Starting out as PETCO Kenya in 2017, the organization has since rebranded to PAKPRO to manage all types of waste as a PRO.

When Kenya banned plastic carrier bags in 2017, it triggered a national conversation about waste and marked the beginning of a journey that would reshape how the country manages packaging. At the heart of this transformation is Joyce Gachugi Waweru, Chief Executive Officer of the Packaging Producer Responsibility Organization (PAKPRO). Her work, and that of the collective she leads, has been central to establishing Extended Producer Responsibility (EPR) in Kenya, a system now recognized as one of the continent’s most progressive waste-management frameworks.

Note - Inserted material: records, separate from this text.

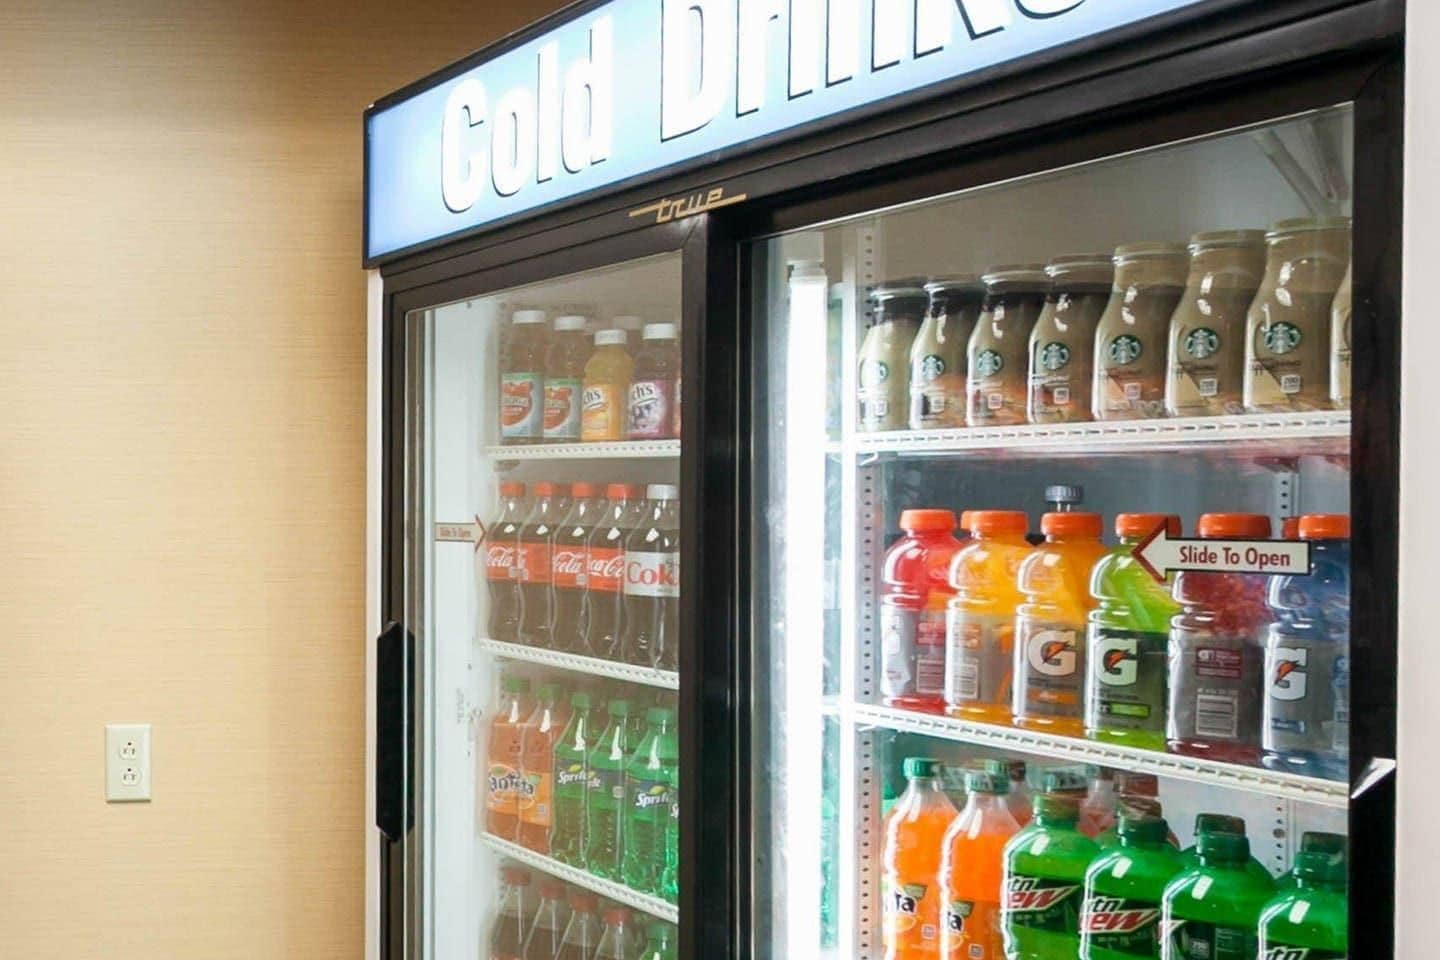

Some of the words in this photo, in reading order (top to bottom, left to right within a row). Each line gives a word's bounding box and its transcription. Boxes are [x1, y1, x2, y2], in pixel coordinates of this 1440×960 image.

[441, 14, 614, 213] Cold
[1180, 546, 1218, 564] Slide
[1222, 547, 1241, 565] To
[1245, 548, 1291, 570] Open
[1028, 630, 1078, 677] G
[1096, 637, 1139, 686] G
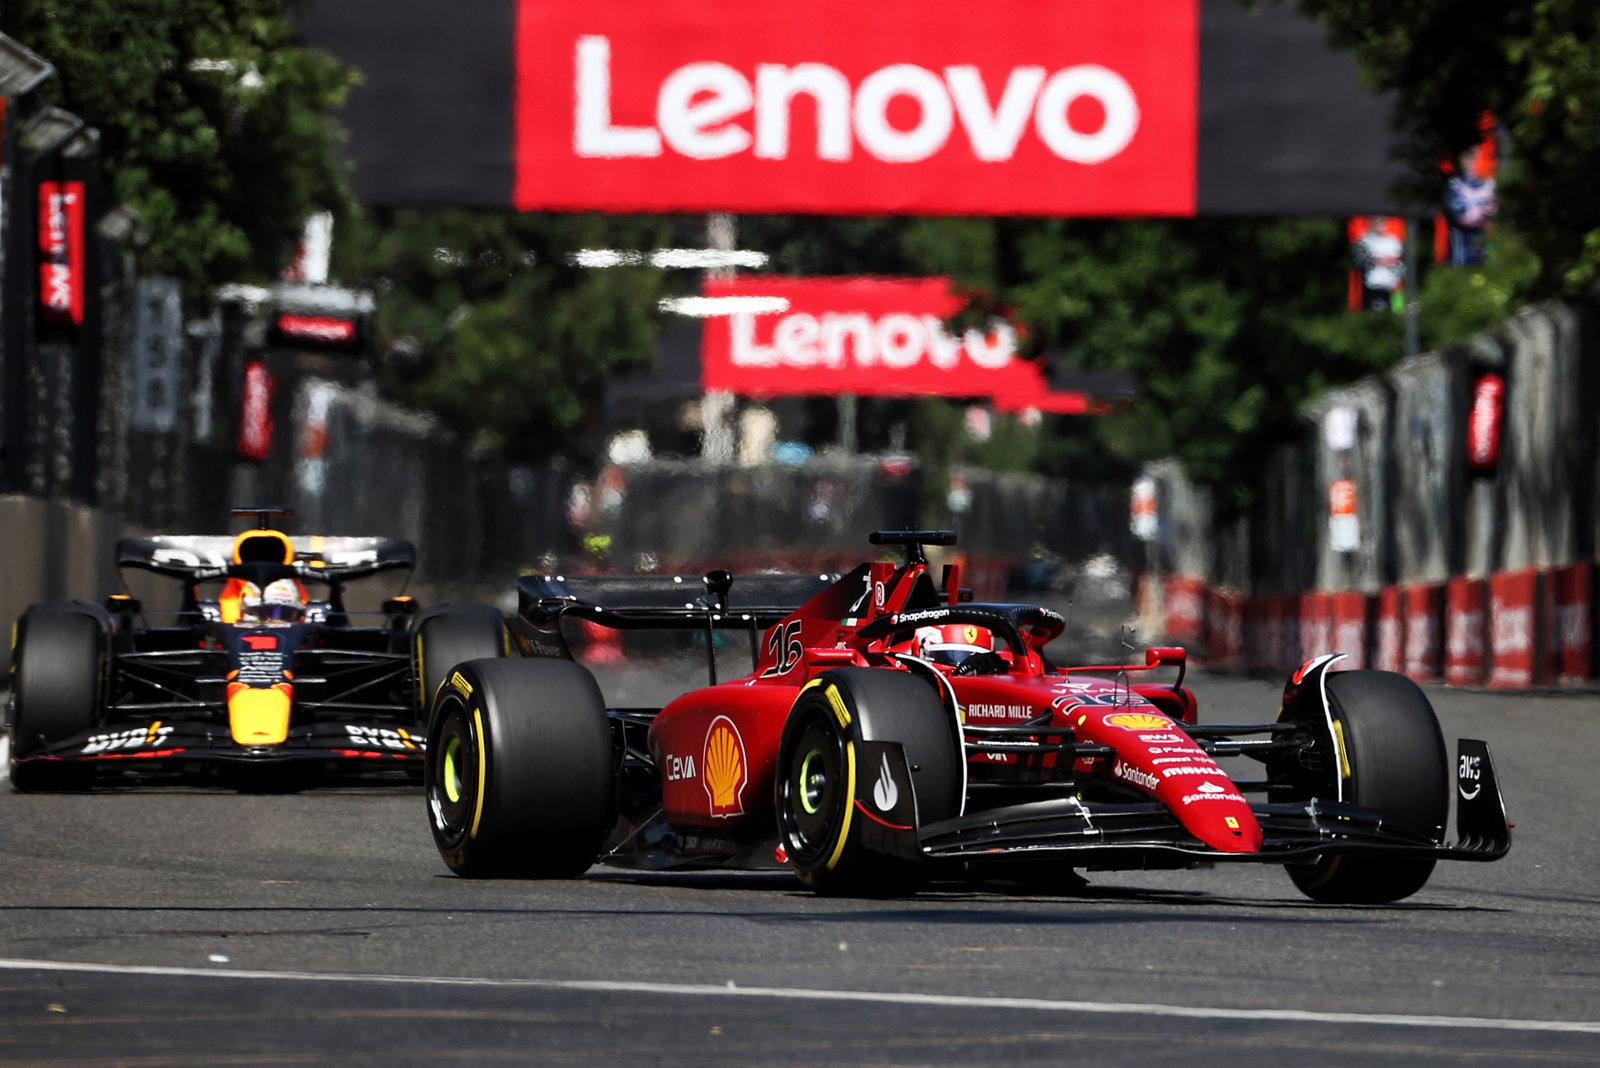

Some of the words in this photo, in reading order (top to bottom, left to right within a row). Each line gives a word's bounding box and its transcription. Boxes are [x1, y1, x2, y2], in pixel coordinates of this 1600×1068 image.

[573, 34, 1140, 164] Lenovo
[899, 608, 950, 624] Snapdragon
[758, 619, 804, 679] 16
[968, 703, 1006, 718] RICHARD
[1007, 705, 1033, 719] MILLE
[1122, 762, 1161, 790] Santander

But the story of EPR in Kenya is not only about policy; it is also about a woman who grew up dreaming of a life as a globe-trotting environmentalist working at the United Nations Environment Programme (UNEP), an ambition that, by chance and persistence, aligned with a mission to build the foundations of Kenya’s circular economy.

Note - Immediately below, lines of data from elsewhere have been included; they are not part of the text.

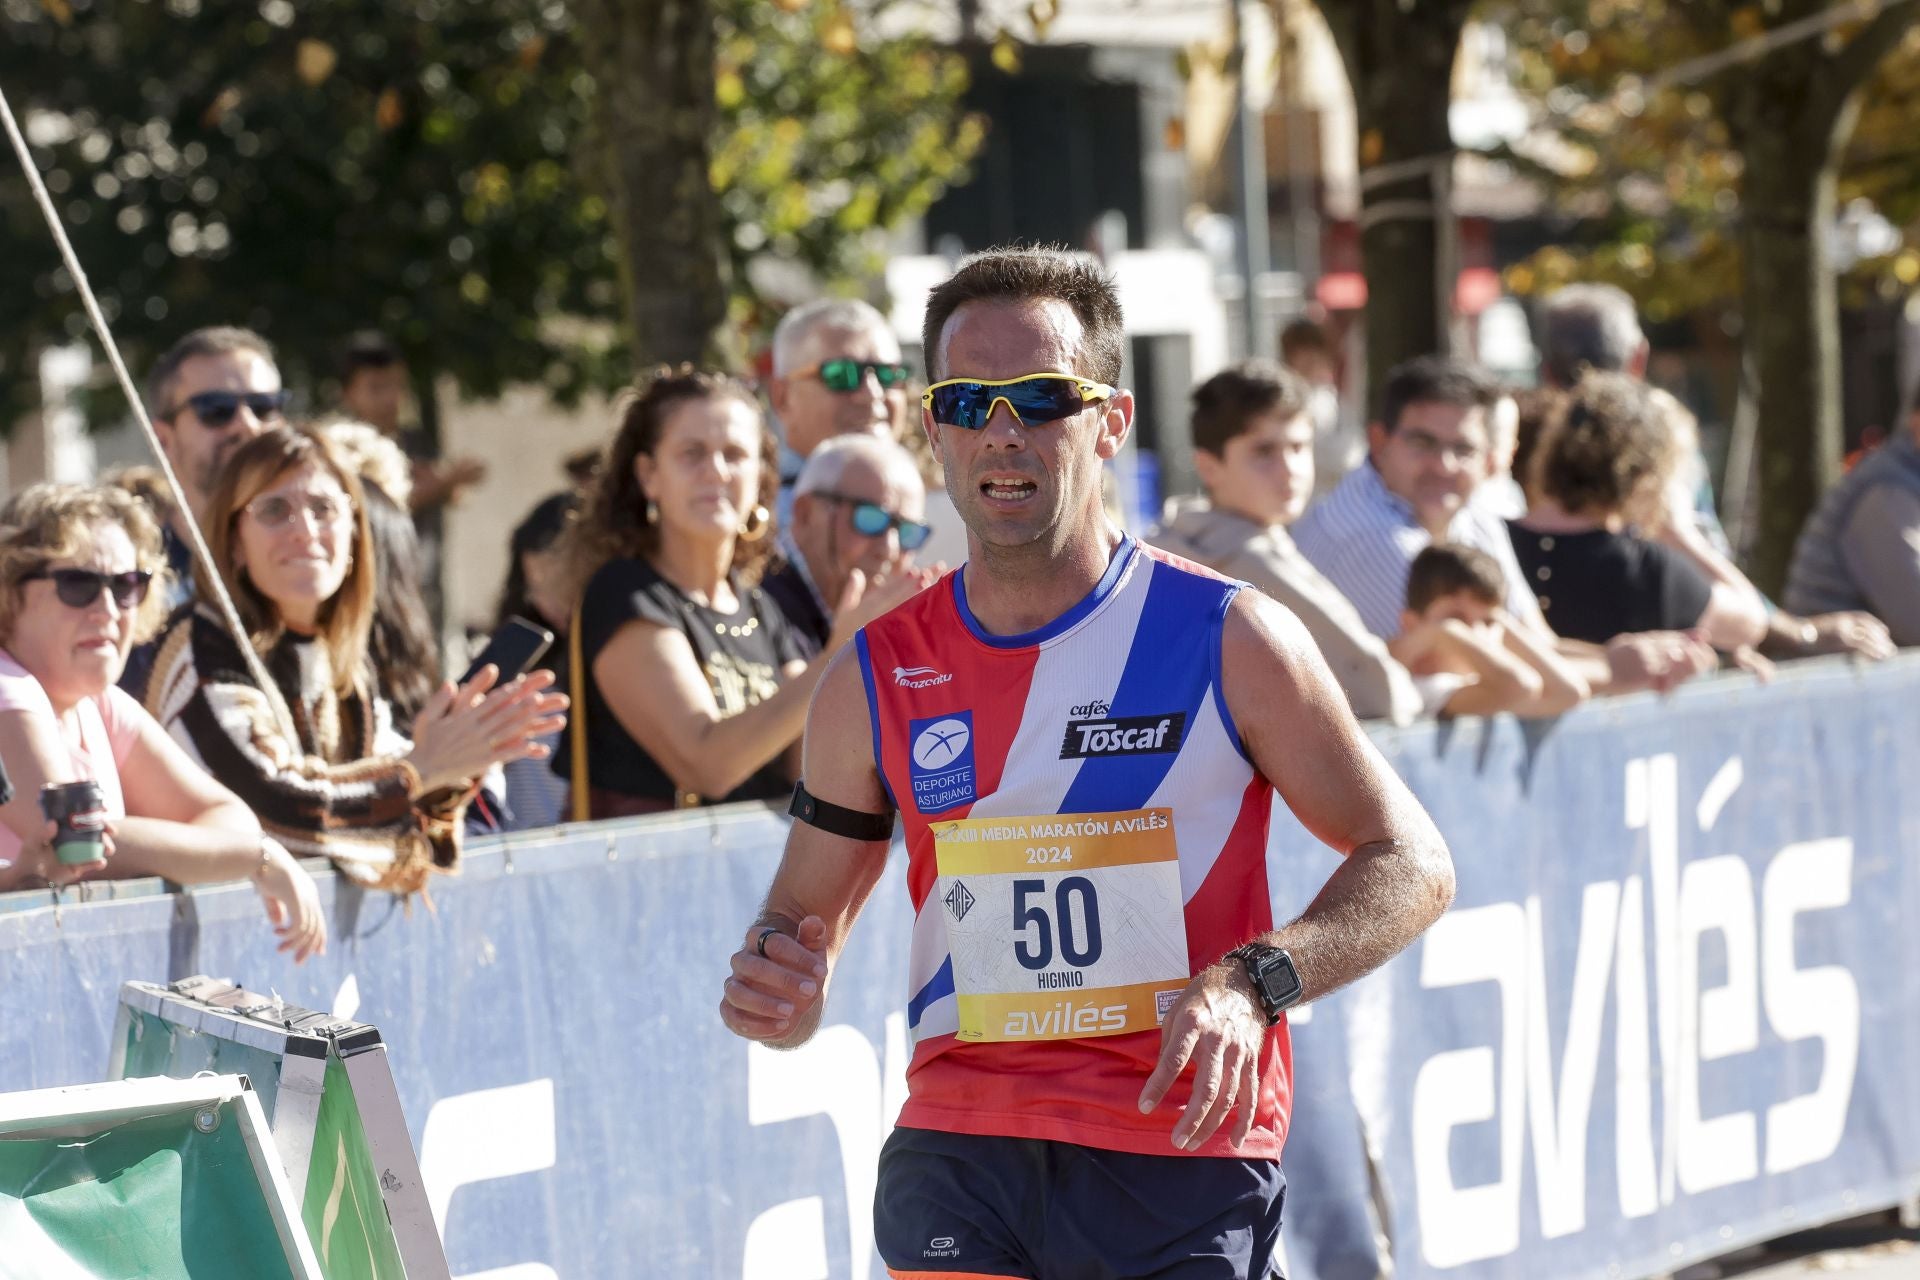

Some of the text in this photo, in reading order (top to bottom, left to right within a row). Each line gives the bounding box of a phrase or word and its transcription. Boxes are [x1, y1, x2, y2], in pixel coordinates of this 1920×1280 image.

[1070, 700, 1110, 719] cafés
[1076, 719, 1170, 753] Toscaf
[914, 772, 971, 793] DEPORTE
[918, 784, 973, 807] ASTURIANO
[981, 827, 1028, 841] MEDIA
[1031, 818, 1109, 839] MARATÓN
[1113, 811, 1168, 833] AVILÉS
[1025, 846, 1073, 865] 2024
[1013, 876, 1103, 970] 50
[1037, 971, 1084, 989] HIGINIO
[1004, 1001, 1128, 1036] avilés
[1412, 752, 1860, 1269] avilés
[923, 1248, 960, 1258] Kalenji

This year, Joyce was nationally celebrated for her leadership and was recently honored among Kenya’s heroes for her contributions to sustainable waste management. For her, the accolade symbolized something bigger: “It validated the work that we have been championing for the last seven years, that we are creating an impact.”
The genesis: A coalition of the willing
PAKPRO’s story traces back to 2018, when the country was debating what to do about PET bottles, the next major pollutant after plastic carrier bags. “There was this conversation: should we ban the bottles?” Joyce recalls. For manufacturers who had heavily invested in PET production, the debate threatened their business model.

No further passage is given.